I have some data that I need to group into bins. Instead of representing the bins as 0,1,2,3...etc. I would like it to output the mean or median of each bin. Is there a way to do this?
You could speed up shx2's code by computing the statistics for each bin_idx only once.
import numpy as np
x = np.tile(np.array([0.2, 9., 6.4, 3.0, 1.6]), 100000)
bins = np.array([0.0, 1.0, 2.5, 10.0])
def binstats(x, bins):
inds = np.digitize(x, bins)
statistics = []
binnumber = []
seen = set()
for bin_idx in inds:
if bin_idx not in seen:
bin_arr = x[inds==bin_idx]
statistics.append([np.mean(bin_arr), np.median(bin_arr)])
binnumber.append(bin_idx)
seen.add(bin_idx)
return statistics, binnumber
statistics, binnumber = binstats(x, bins)
for (mean, median), bin_idx in zip(statistics, binnumber):
print('{b}: {mean:.2f} {median:.2f}'.format(b=bin_idx, mean=mean, median=median))
yields
1: 0.20 0.20
3: 6.13 6.40
2: 1.60 1.60
By the way, if you have scipy, you could also use scipy.stats.binned_statistic, but the performance is not any better:
import scipy.stats as stats
# This is a hack to return two statistics with one call to binned_statistic.
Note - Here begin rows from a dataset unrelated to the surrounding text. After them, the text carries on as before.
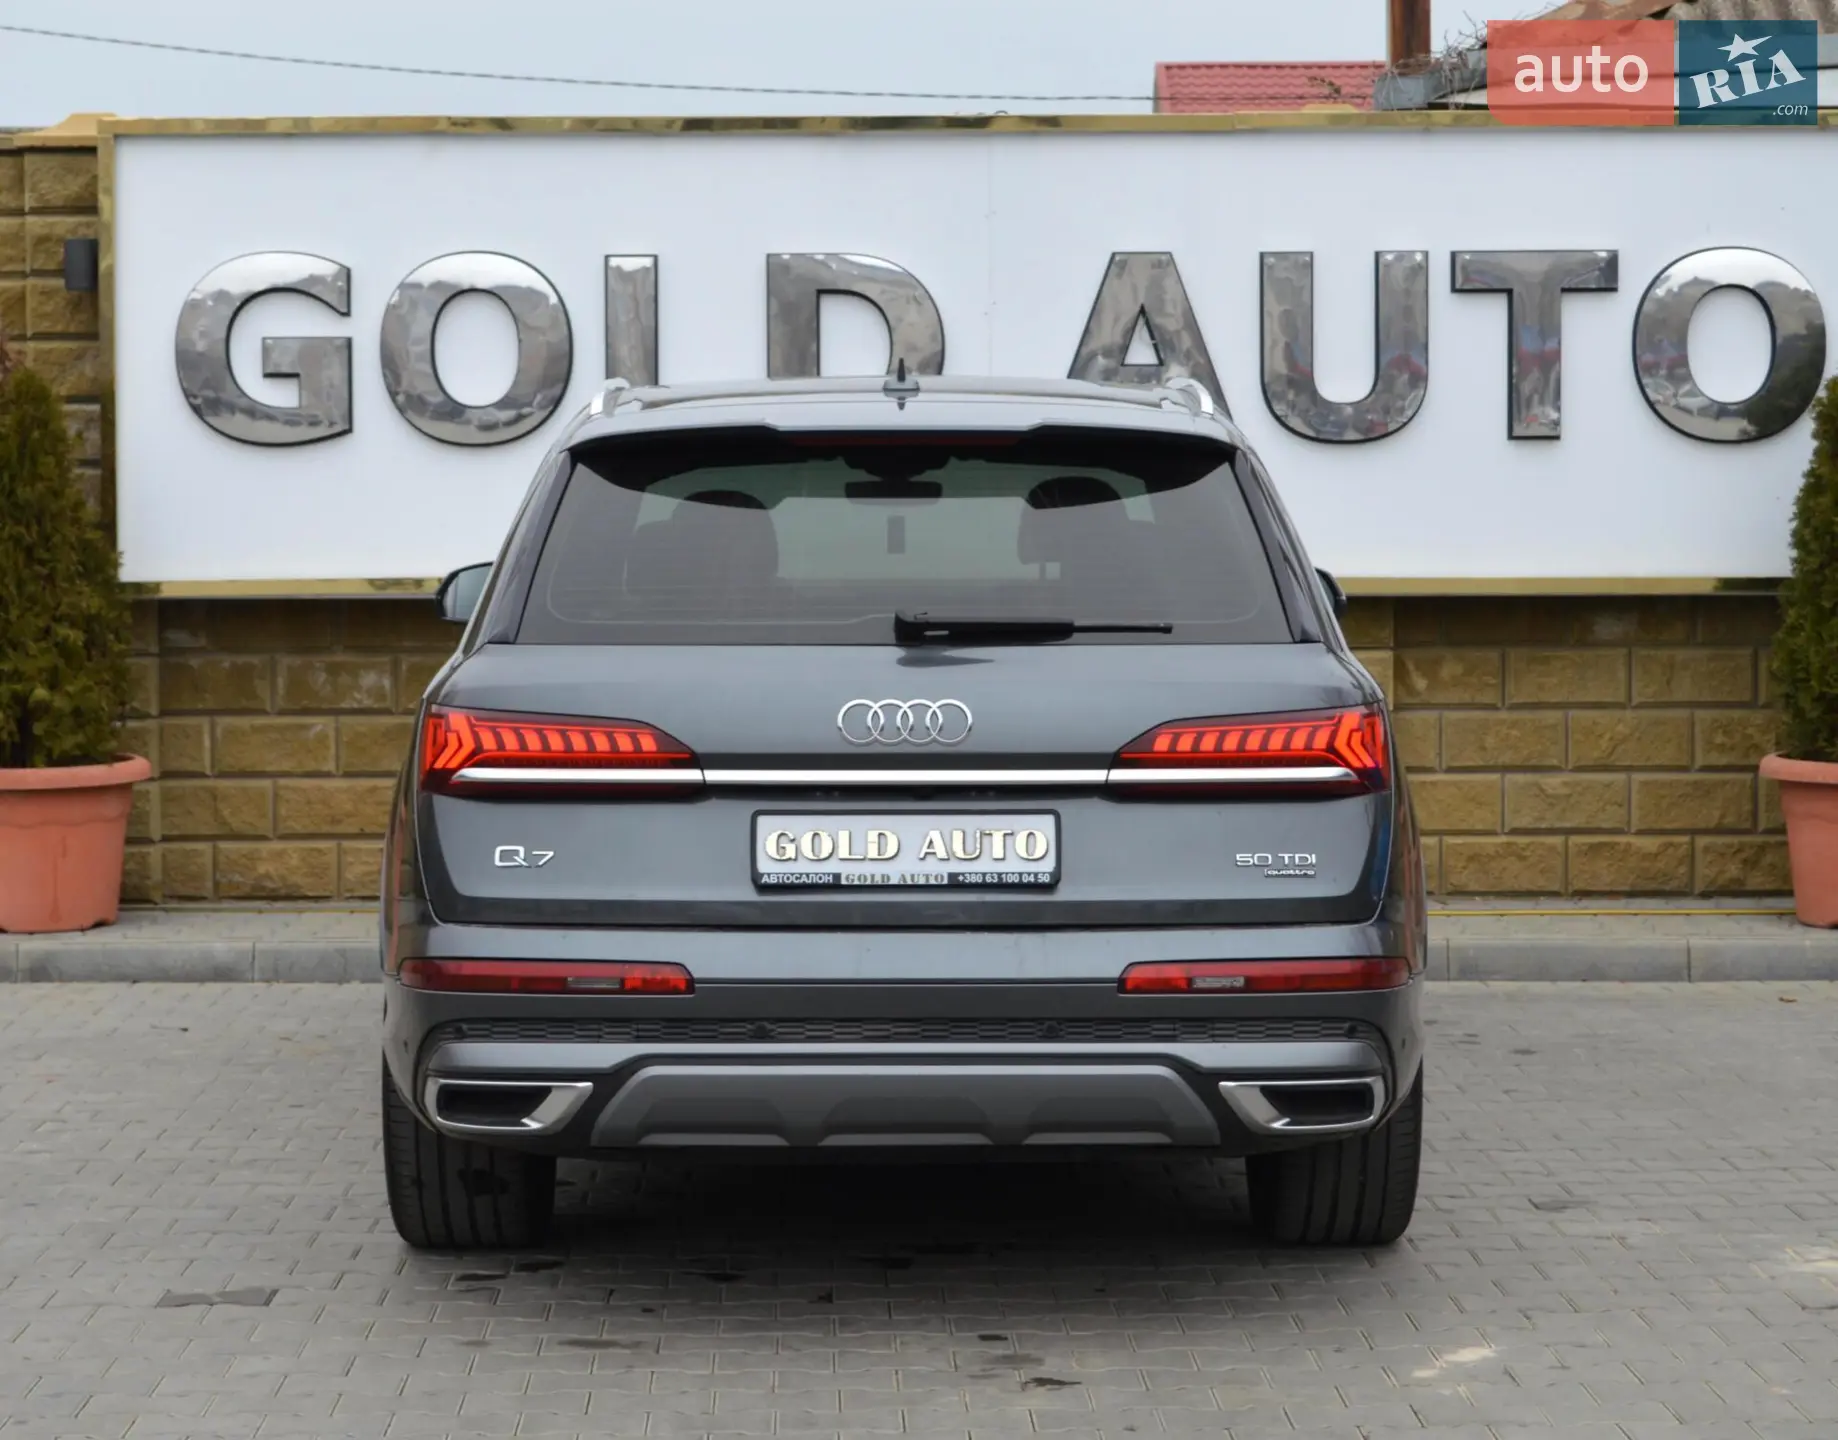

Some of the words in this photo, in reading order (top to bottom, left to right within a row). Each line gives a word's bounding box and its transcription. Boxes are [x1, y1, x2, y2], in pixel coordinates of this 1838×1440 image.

[1067, 246, 1827, 444] AUTO
[494, 845, 555, 868] Q7
[765, 829, 901, 861] GOLD
[917, 829, 1050, 861] AUTO
[1235, 853, 1273, 867] 50
[1277, 853, 1317, 867] TDI
[761, 873, 833, 884] АВТОСАЛОН
[844, 873, 891, 885] GOLD
[898, 873, 945, 885] AUTO
[957, 872, 983, 884] +380
[985, 872, 998, 884] 63
[1001, 872, 1019, 884] 100
[1021, 872, 1035, 884] 04
[1037, 872, 1050, 884] 50
It reduces the precision of the statistics to `float32`.
def onecall():
statistics, bin_edges, binnumber = stats.binned_statistic(
x, values=x, bins=bins,
statistic=lambda grp: (np.array([grp.mean(), np.median(grp)])
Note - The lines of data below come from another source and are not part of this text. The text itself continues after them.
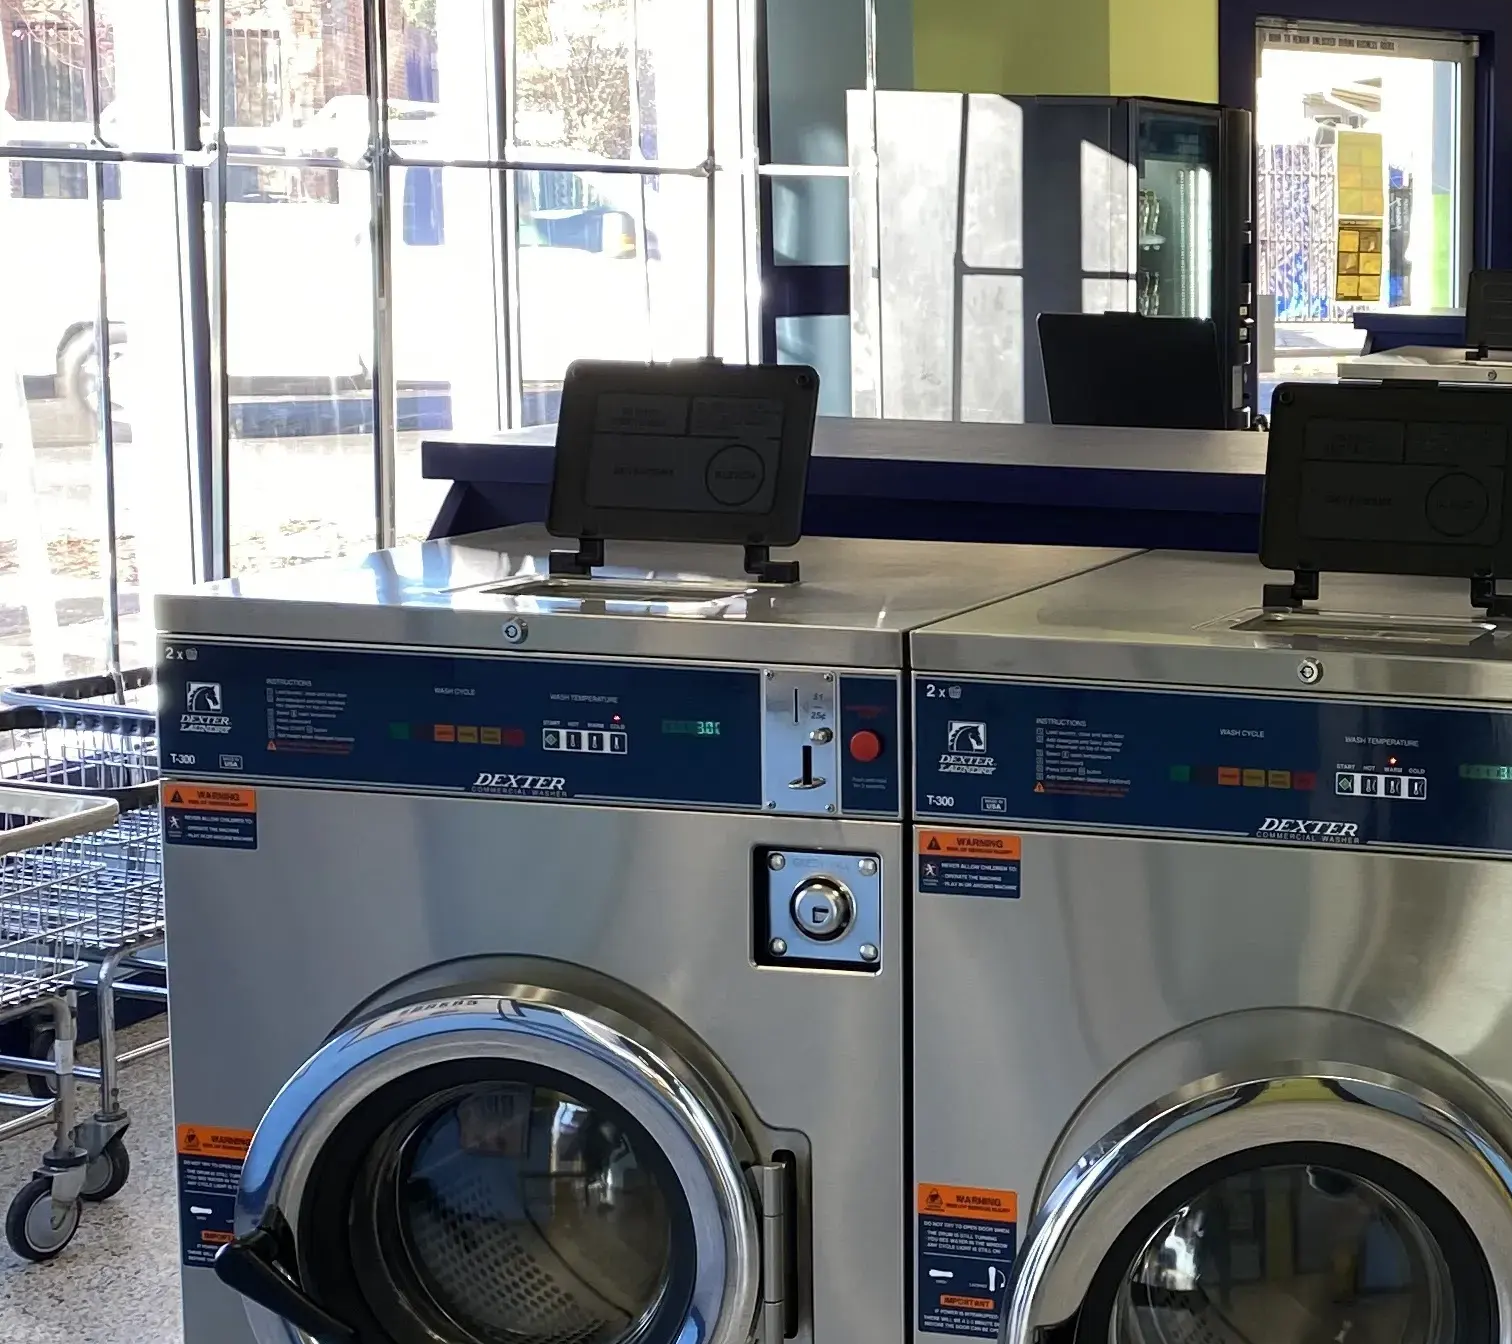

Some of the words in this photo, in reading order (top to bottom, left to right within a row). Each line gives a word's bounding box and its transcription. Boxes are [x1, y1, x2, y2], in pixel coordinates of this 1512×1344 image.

[165, 646, 174, 659] 2
[926, 684, 936, 697] 2
[938, 688, 946, 698] x
[180, 715, 230, 725] DEXTER
[1036, 718, 1087, 727] INSTRUCTIONS
[1219, 728, 1241, 737] WASH
[1242, 729, 1265, 738] CYCLE
[1345, 736, 1366, 744] WASH
[1367, 737, 1420, 748] TEMPERATURE
[170, 753, 196, 764] T-300
[939, 754, 994, 766] DEXTER
[473, 773, 566, 790] DEXTER
[532, 789, 568, 798] WASHER
[926, 795, 955, 807] T-300
[1258, 817, 1359, 837] DEXTER
[957, 838, 1003, 848] WARNING
[1256, 831, 1316, 842] COMMERCIAL
[1322, 835, 1360, 844] WASHER
[956, 1195, 1001, 1206] WARNING
[944, 1297, 990, 1307] IMPORTANT
.astype('float32').view('float64')))
return statistics.view('float32').reshape(-1, 2)
def twocalls():
means, bin_edges, binnumber = stats.binned_statistic(
x, values=x, statistic='mean', bins=bins)
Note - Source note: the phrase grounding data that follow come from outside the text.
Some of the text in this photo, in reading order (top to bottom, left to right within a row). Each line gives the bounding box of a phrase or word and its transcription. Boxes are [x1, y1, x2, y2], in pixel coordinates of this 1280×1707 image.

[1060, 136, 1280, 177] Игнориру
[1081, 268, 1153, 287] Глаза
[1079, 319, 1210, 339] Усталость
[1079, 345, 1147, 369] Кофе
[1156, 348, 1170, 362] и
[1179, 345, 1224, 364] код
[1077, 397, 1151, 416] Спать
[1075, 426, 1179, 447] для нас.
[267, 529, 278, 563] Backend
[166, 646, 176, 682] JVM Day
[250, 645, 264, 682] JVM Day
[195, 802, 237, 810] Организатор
medians, bin_edges, binnumber = stats.binned_statistic(
x, values=x, statistic='median', bins=bins)
return means, medians
In [284]: %timeit binstats(x, bins)
10 loops, best of 3: 85.6 ms per loop
In [285]: %timeit onecall()
10 loops, best of 3: 86.6 ms per loop
In [286]: %timeit twocalls()
10 loops, best of 3: 150 ms per loop
For comparison purposes, here's how you'd write this sort of thing in pandas, using groupby and pd.cut (similar to np.digitize):
>>> x = np.random.uniform(0, 10, 5*10**5)
>>> bins = np.array([0, 1, 2.5, 10])
>>> s = pd.Series(x)
>>> s.groupby(pd.cut(s, bins)).agg(["median", "mean"])
median mean
(0, 1] 0.500684 0.500641
(1, 2.5] 1.751121 1.751630
(2.5, 10] 6.243822 6.248801
[3 rows x 2 columns]
Performance seems comparable to those of unutbu's numpy solutions (after tweaking them a bit to accept args):
>> %timeit binstats(x, bins)
10 loops, best of 3: 126 ms per loop
>>> %timeit onecall(x, bins)
10 loops, best of 3: 74.8 ms per loop
>>> %timeit twocalls(x, bins)
10 loops, best of 3: 109 ms per loop
>>> %timeit s.groupby(pd.cut(s, bins)).agg(["median", "mean"])
10 loops, best of 3: 72.5 ms per loop
and if you're willing to sacrifice a bit of elegance you can shave some more time:
>>> %timeit s.groupby(np.digitize(x, bins)).agg(["median", "mean"])
10 loops, best of 3: 65.2 ms per loop
but I don't use pandas for the performance, I use it because it makes many common data operations much more convenient.